6.7.2 Short Construction
Short construction period will not only ensure the early use of the facility by the user
but also an early cash inflow which will enhance the profitability of the project. Short
construction period has been included as a sub factor of the critical success factor –
Technical solution by Tiong [71] because of the reason that the public would enjoy
the benefits of the completed facility earlier. Gupta and Narasimham [74] considered
this factor as extremely critical for the success of BOT projects. Zhang [76] has not
included this factor directly in his study, but has taken into account a factor naming
sufficient profitability of the project to attract investors. To understand the effect of
short construction period on the success of a BOT project, a cash flow analysis of a
large infrastructure project is carried out in the subsequent section.

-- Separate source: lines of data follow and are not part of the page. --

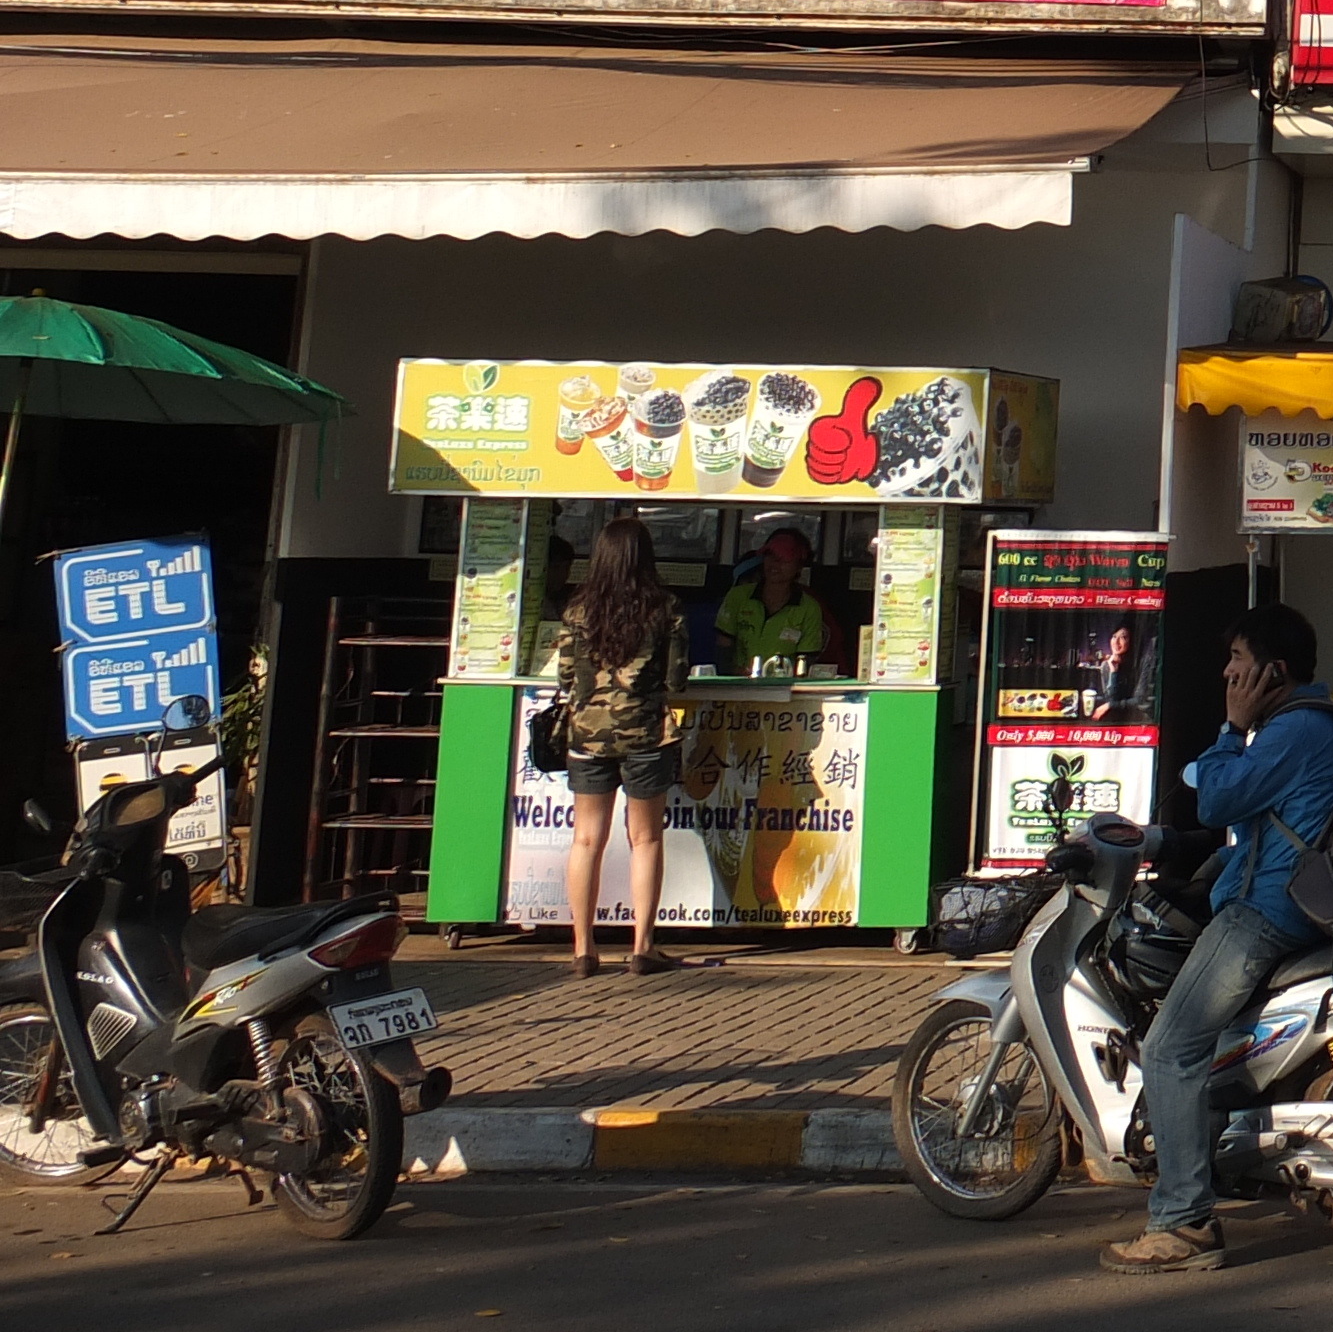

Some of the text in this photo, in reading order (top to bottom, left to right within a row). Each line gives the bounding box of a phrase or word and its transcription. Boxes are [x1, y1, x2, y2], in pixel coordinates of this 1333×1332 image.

[84, 579, 186, 624] ETL
[89, 671, 186, 715] ETL
[514, 795, 574, 828] Welco
[1013, 780, 1120, 813] 茶速
[664, 798, 695, 829] oin
[743, 795, 854, 832] Franchise
[529, 907, 559, 920] Like
[378, 1007, 432, 1037] 7981
[1077, 1024, 1111, 1035] HON

6.7.2.1 Cash Flow Analysis of an Infrastructure Project
Infrastructure projects are, mostly, large projects which include several single projects
called sub-projects, such as a highway construction project that may include several
single projects, like several roads and bridges. Each sub-project is usually staffed with
some people who perform a limited number of tasks within a limited time to complete
the project. To manage multiple sub-projects, the project manager must develop an
overall construction schedule. These sub-projects may be related or unrelated. The
project manager can reduce the overall project duration by crashing the duration of
some sub-projects.
140
Considering an example of an infrastructure project that is estimated to cost Rs.

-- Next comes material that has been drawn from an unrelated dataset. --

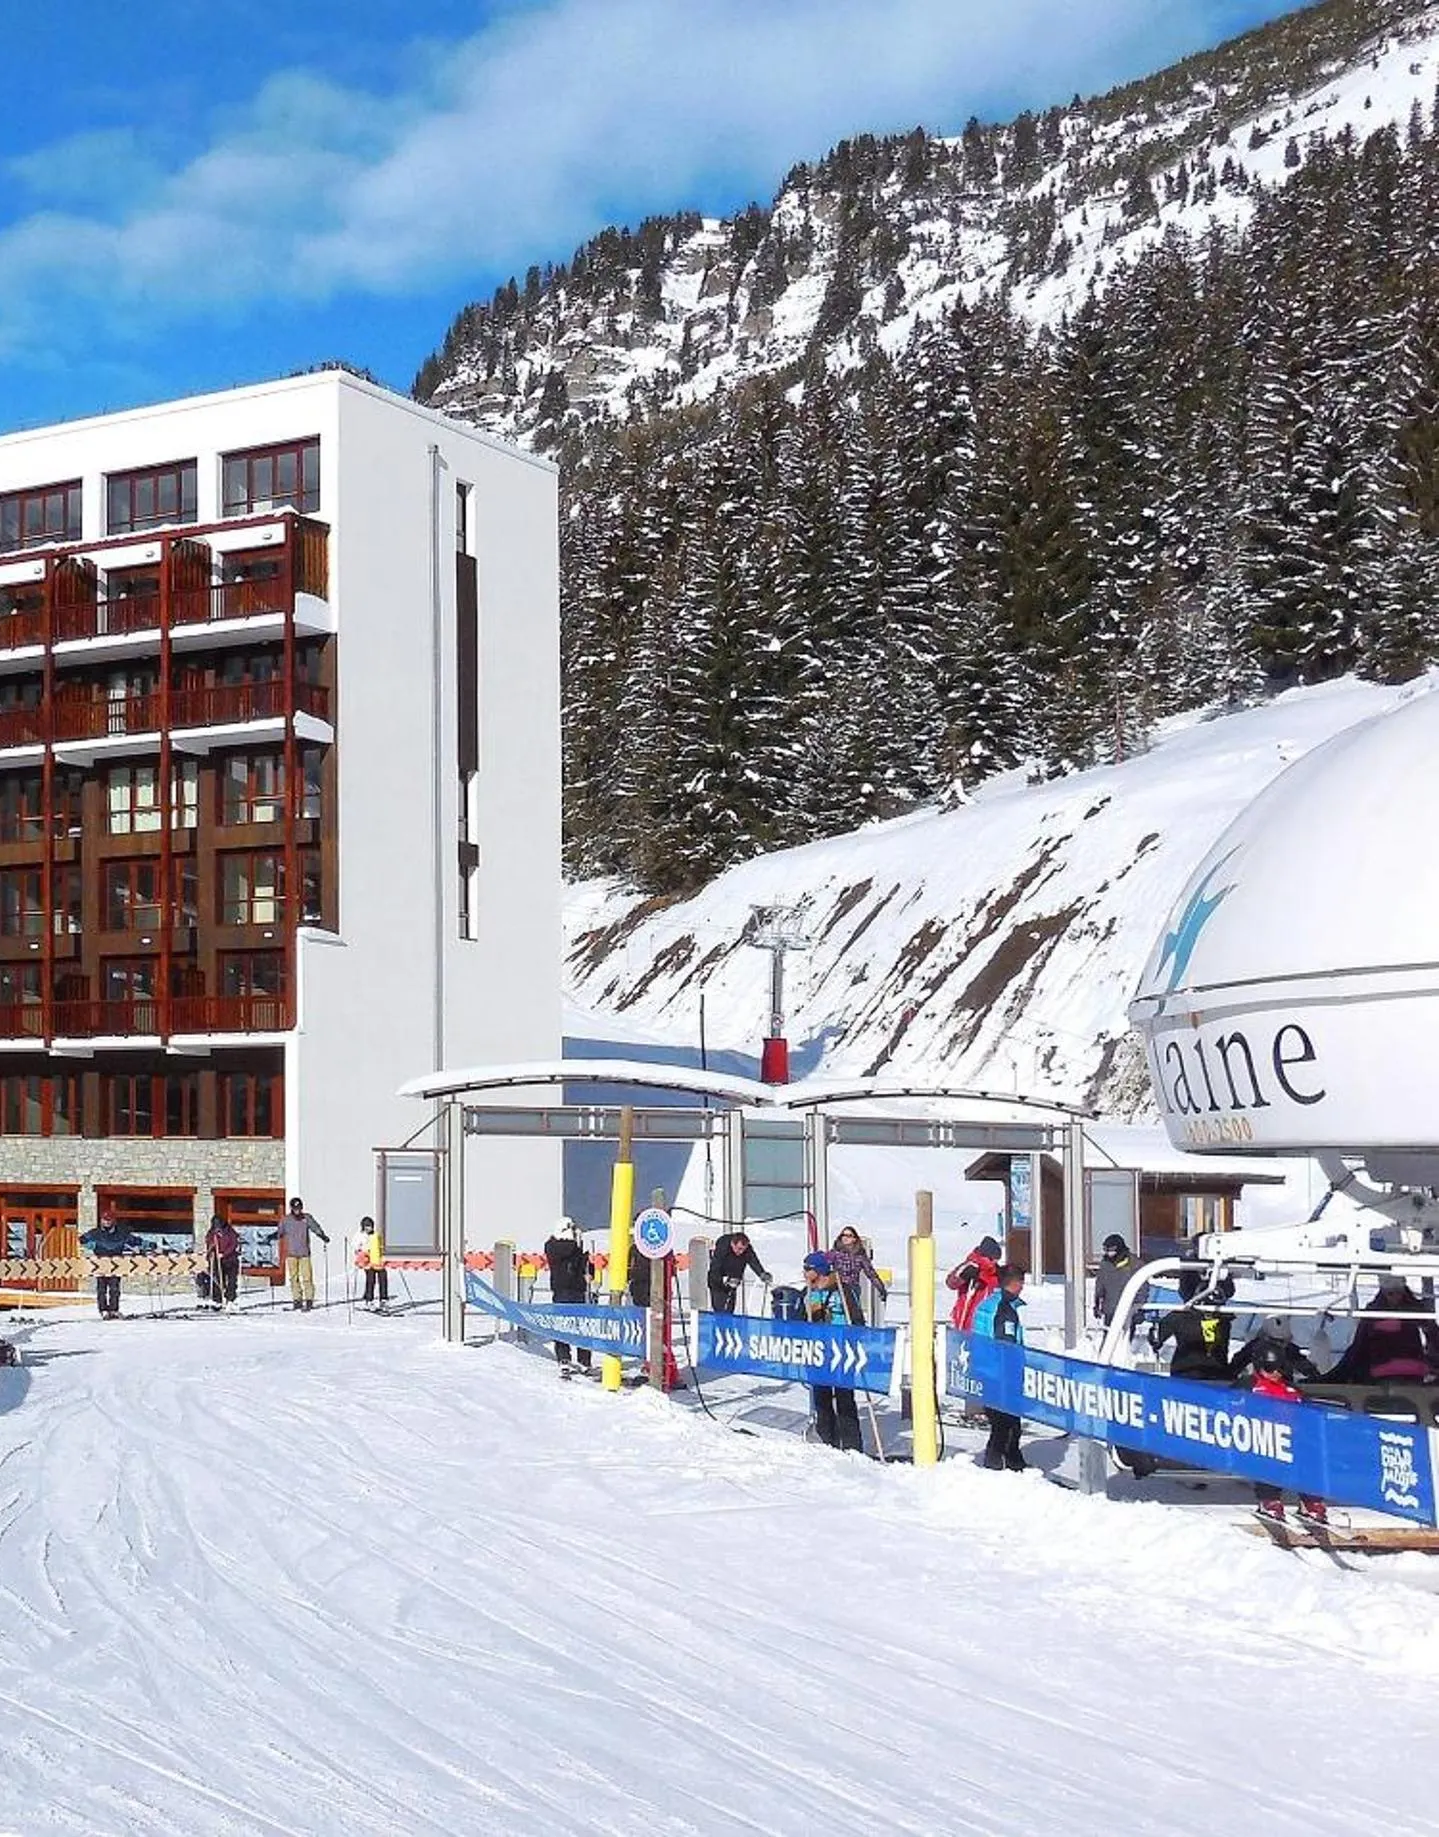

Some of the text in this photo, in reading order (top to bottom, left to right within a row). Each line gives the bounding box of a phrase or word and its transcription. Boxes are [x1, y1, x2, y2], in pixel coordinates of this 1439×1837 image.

[748, 1334, 826, 1368] SAMOENS
[1022, 1366, 1145, 1429] BIENVENUE
[1162, 1398, 1294, 1464] WELCOME

31000 millions as per 2006-07 rates. The project consists of six sub-projects and is
estimated to take a normal duration of six years as shown in Figure 6.9 The revenue
will start flowing in the seventh year. Assuming 10% inflation rate compounded on
yearly basis, the total project cost is Rs. 38950 millions. This cost includes
management and consultancy charges @ 3%, establishment and miscellaneous
expenditure @3%, contingency charges @ 5% and operating & maintenance charges
@ 1 % on the cost of project each year. The expenditure (outflow) is shown in Table
6.27. The interest is calculated @10 % compounded annually. Interest for the
income/expenditure incurred in a year is calculated for a period of half year only for
that particular year. The income (inflow) will start coming in the seventh year and it is
assumed that the income will increase @ 30% each year. The cash flow analysis is
shown in Table 6.28. The break-even is obtained in 12th year.
The project is now proposed to be completed in five years by crashing the sub-project
no. 1 by 1 year as a second alternative. This will result in early cash flow as the
income will start in the sixth year only. The total project cost is assumed to remain
constant. The revised expenditure (outflow) on the project and the revised cash flow
analysis are calculated for similar conditions of interest & inflation rates, and the
results are tabulated in Table 6.29 and Table 6.30. The break-even here is achieved in
the10th year.
As a third option, the project is proposed to be completed in four years by crashing
sub-project no. 1 by 2 years and sub-project no. 4 by 1 year. Assuming again that the
total capital cost of the project remains the same, the revised outflow and cash flow
analysis is made and the results are shown in Table 6.31 and Table 6.32. The break-
even in this case is obtained in 9th year.
The summary of the results of three options with the amount available in the 12th year
is shown in Table 6.33. By crashing the sub-project number 1 by 1 year, extra income
of Rs 639954 millions is generated which is more than 2.7 times the original value.
Therefore, it is clear that by reducing construction time even by spending more, it is
141
advantageous to the promoter as well as to the government in BOT projects. It
establishes the importance of short construction period as the critical success factor
for BOT projects.
Figure 6.9 : Schedule of a Infrastructure Project
* PMC Project Management and Consultancy
+ EST & MISC Establishment and Miscellaneous
++ O & M Operation & Maintenance
Table 6.27: Expenditure (Outflow) for Six Year’s Project Duration
142
Table 6.28 : Cash Flow Analysis for Six Year’s Project Duration
Table 6.29 : Expenditure (Outflow) for Five Year’s Project Duration
143
Table 6.30 : Cash Flow Analysis for Five Year’s Project Duration
Table 6.31 : Expenditure (Outflow) for Four Year’s Project Duration
144
Table 6.32 : Cash Flow Analysis for Four Year’s Project Duration
Table 6.33: Summary of Results
6.7.3 Selection Procedure of the concessionaire
Competitive bidding and a transparent selection procedure will ensure the value of
money to the public. Short listed bidders are normally required to specify only the
amount of grant sought by them whereas all the technical, managerial, financial
strengths of the bidder are considered only during short listing. Lowest bid may not
provide the best value to the owner/government. Pre qualification that is short listing
145
of the bidders, therefore, assumes a lot of importance for the success of BOT projects.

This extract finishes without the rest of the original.